[YOUR TASK] Exactly as shown below, retype every line of the data.

RECORDED INFORMATION: Begin

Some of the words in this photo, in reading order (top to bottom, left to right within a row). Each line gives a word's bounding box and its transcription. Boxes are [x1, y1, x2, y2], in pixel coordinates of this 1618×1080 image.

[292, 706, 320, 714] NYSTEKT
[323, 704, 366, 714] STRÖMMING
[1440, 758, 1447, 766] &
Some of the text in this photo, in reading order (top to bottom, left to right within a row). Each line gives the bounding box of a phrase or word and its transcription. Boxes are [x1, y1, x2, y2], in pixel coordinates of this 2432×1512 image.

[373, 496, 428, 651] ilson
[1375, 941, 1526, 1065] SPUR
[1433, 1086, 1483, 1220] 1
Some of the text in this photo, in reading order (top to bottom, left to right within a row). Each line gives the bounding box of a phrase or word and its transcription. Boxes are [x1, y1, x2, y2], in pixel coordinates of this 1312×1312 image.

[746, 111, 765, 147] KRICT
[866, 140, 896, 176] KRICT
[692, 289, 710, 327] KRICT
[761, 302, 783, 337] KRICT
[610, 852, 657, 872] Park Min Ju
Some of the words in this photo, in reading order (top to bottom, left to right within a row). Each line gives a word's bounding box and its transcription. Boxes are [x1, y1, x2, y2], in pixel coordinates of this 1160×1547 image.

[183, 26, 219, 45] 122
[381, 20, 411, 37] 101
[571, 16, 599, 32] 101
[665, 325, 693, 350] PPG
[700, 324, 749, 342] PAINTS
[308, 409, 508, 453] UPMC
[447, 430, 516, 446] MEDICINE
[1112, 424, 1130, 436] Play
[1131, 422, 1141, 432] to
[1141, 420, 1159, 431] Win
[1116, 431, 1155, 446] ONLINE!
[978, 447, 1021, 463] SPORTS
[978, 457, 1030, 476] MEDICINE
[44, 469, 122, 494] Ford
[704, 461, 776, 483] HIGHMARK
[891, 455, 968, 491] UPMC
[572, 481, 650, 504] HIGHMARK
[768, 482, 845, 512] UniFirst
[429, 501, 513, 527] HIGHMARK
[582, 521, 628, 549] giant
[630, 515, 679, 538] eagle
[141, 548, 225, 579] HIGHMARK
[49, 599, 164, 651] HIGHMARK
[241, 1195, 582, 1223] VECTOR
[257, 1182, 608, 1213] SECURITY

RECORDED INFORMATION: End

[TASK RESULT]
Some of the words in this photo, in reading order (top to bottom, left to right within a row). Each line gives a word's bounding box and its transcription. Boxes are [x1, y1, x2, y2], in pixel coordinates of this 1618×1080 image.

[292, 706, 320, 714] NYSTEKT
[323, 704, 366, 714] STRÖMMING
[1440, 758, 1447, 766] &
Some of the text in this photo, in reading order (top to bottom, left to right within a row). Each line gives the bounding box of a phrase or word and its transcription. Boxes are [x1, y1, x2, y2], in pixel coordinates of this 2432×1512 image.

[373, 496, 428, 651] ilson
[1375, 941, 1526, 1065] SPUR
[1433, 1086, 1483, 1220] 1
Some of the text in this photo, in reading order (top to bottom, left to right within a row). Each line gives the bounding box of a phrase or word and its transcription. Boxes are [x1, y1, x2, y2], in pixel coordinates of this 1312×1312 image.

[746, 111, 765, 147] KRICT
[866, 140, 896, 176] KRICT
[692, 289, 710, 327] KRICT
[761, 302, 783, 337] KRICT
[610, 852, 657, 872] Park Min Ju
Some of the words in this photo, in reading order (top to bottom, left to right within a row). Each line gives a word's bounding box and its transcription. Boxes are [x1, y1, x2, y2], in pixel coordinates of this 1160×1547 image.

[183, 26, 219, 45] 122
[381, 20, 411, 37] 101
[571, 16, 599, 32] 101
[665, 325, 693, 350] PPG
[700, 324, 749, 342] PAINTS
[308, 409, 508, 453] UPMC
[447, 430, 516, 446] MEDICINE
[1112, 424, 1130, 436] Play
[1131, 422, 1141, 432] to
[1141, 420, 1159, 431] Win
[1116, 431, 1155, 446] ONLINE!
[978, 447, 1021, 463] SPORTS
[978, 457, 1030, 476] MEDICINE
[44, 469, 122, 494] Ford
[704, 461, 776, 483] HIGHMARK
[891, 455, 968, 491] UPMC
[572, 481, 650, 504] HIGHMARK
[768, 482, 845, 512] UniFirst
[429, 501, 513, 527] HIGHMARK
[582, 521, 628, 549] giant
[630, 515, 679, 538] eagle
[141, 548, 225, 579] HIGHMARK
[49, 599, 164, 651] HIGHMARK
[241, 1195, 582, 1223] VECTOR
[257, 1182, 608, 1213] SECURITY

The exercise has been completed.